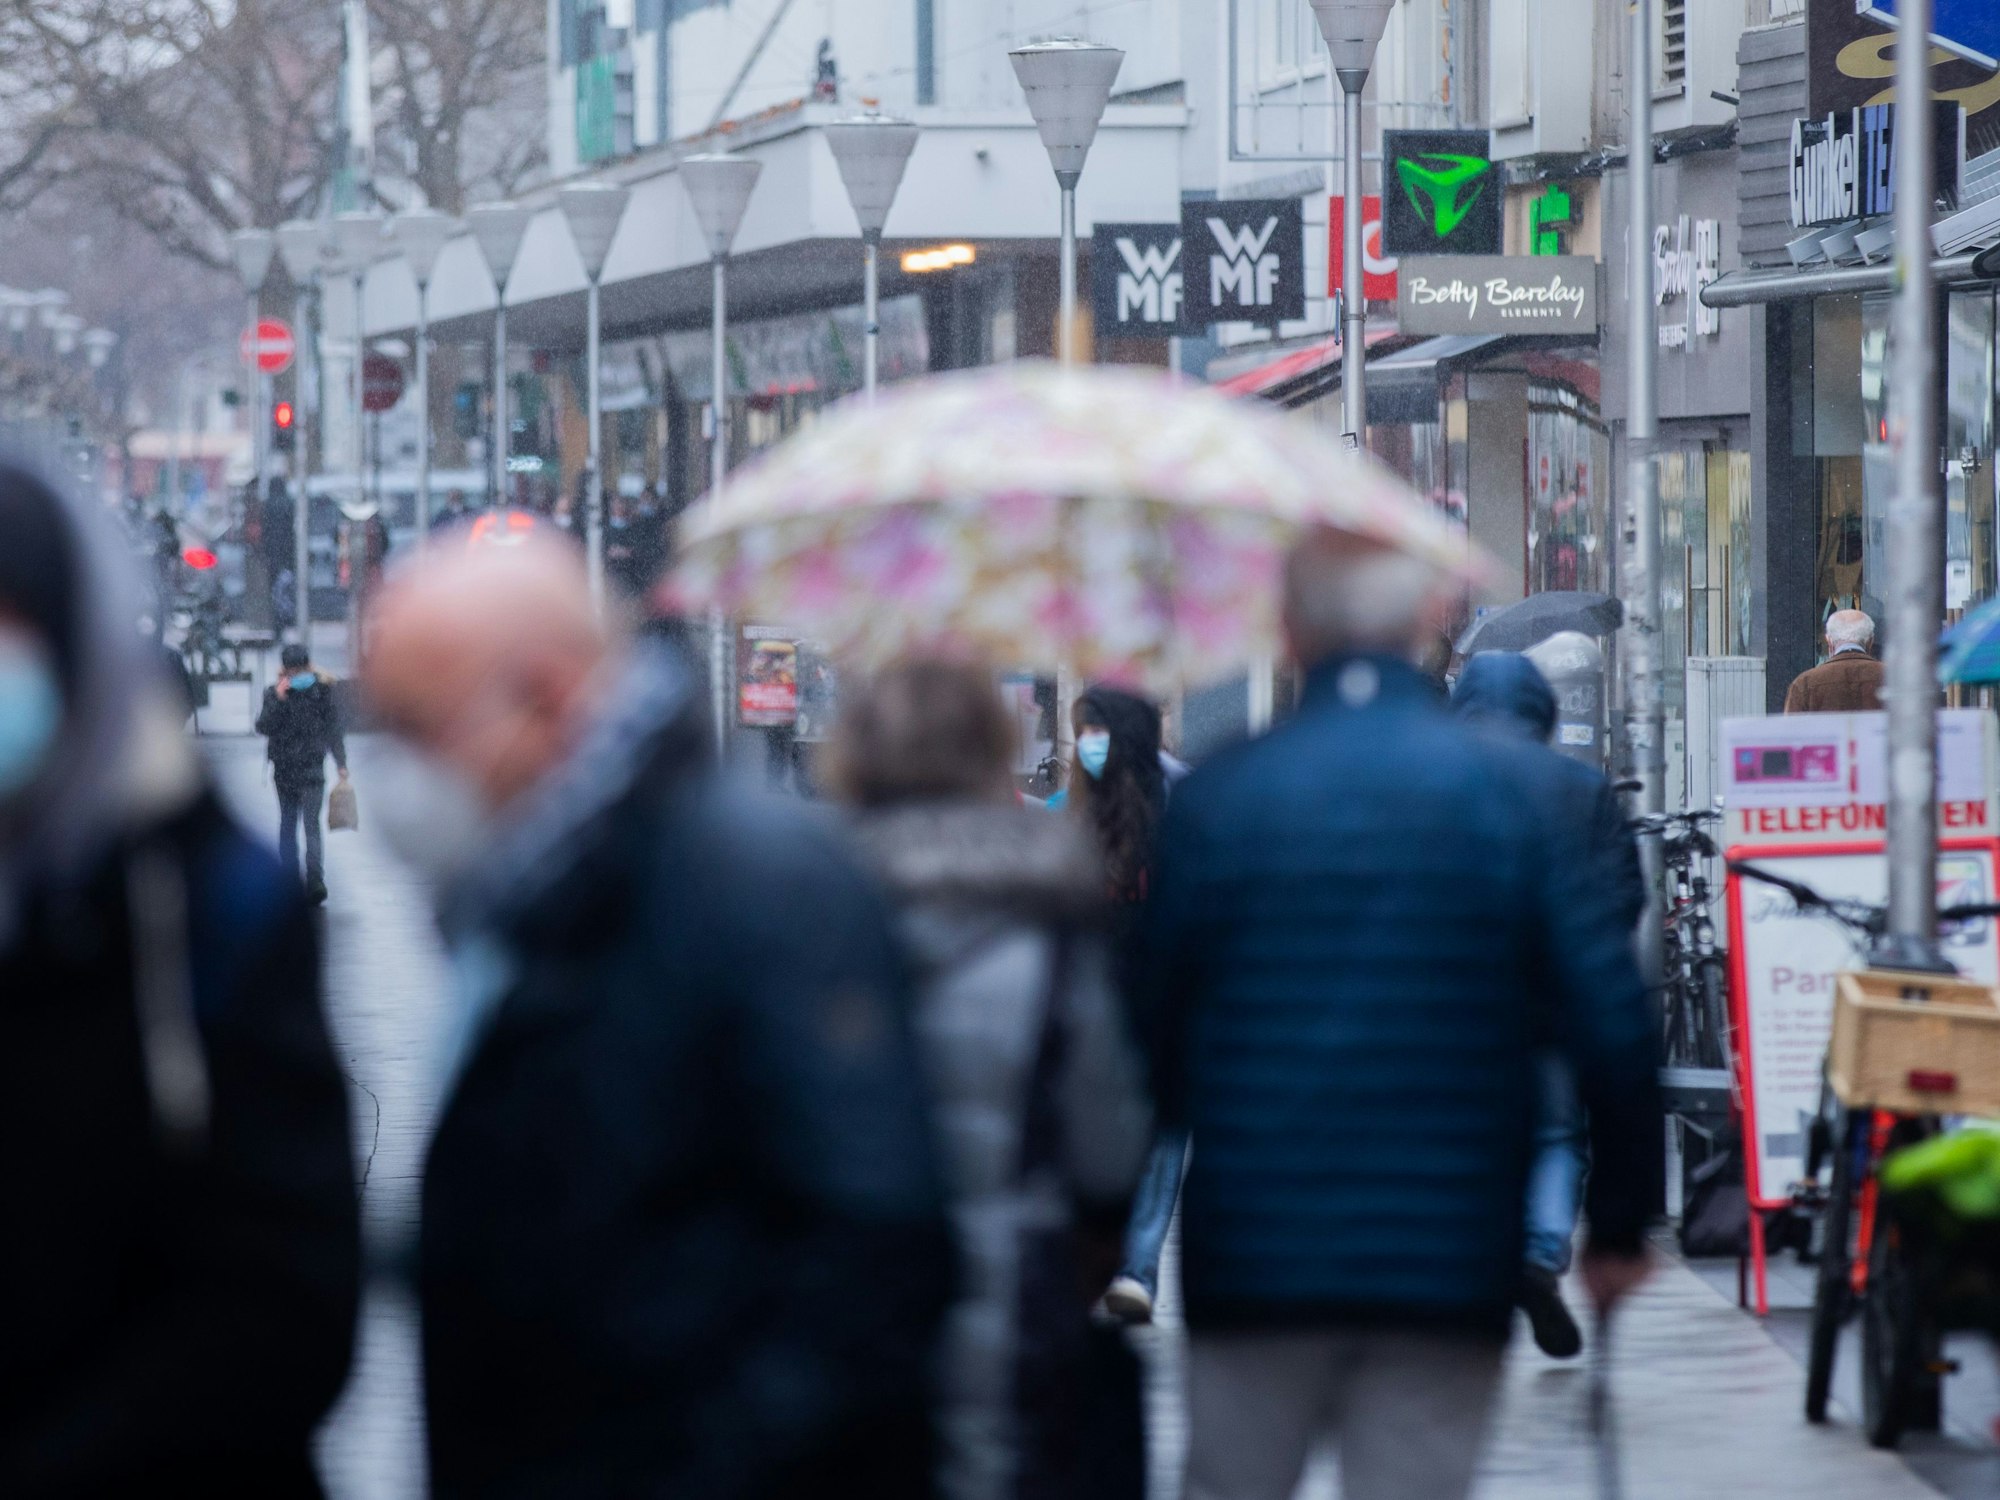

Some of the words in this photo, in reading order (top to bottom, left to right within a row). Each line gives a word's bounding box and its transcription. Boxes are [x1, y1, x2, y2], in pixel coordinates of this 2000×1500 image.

[1790, 106, 1860, 228] Gunkel
[1865, 103, 1899, 214] TEA
[1115, 238, 1184, 322] WMF
[1206, 216, 1280, 307] WMF
[1408, 277, 1478, 321] Betty
[1485, 274, 1585, 320] Barclay
[1501, 308, 1562, 318] ELEMENTS

● REQUIRED WORK:
Leave the pictures out. Repeat every entry above exactly.

● COMPLETED EXERCISE:
Some of the words in this photo, in reading order (top to bottom, left to right within a row). Each line gives a word's bounding box and its transcription. Boxes are [x1, y1, x2, y2], in pixel coordinates of this 2000×1500 image.

[1790, 106, 1860, 228] Gunkel
[1865, 103, 1899, 214] TEA
[1115, 238, 1184, 322] WMF
[1206, 216, 1280, 307] WMF
[1408, 277, 1478, 321] Betty
[1485, 274, 1585, 320] Barclay
[1501, 308, 1562, 318] ELEMENTS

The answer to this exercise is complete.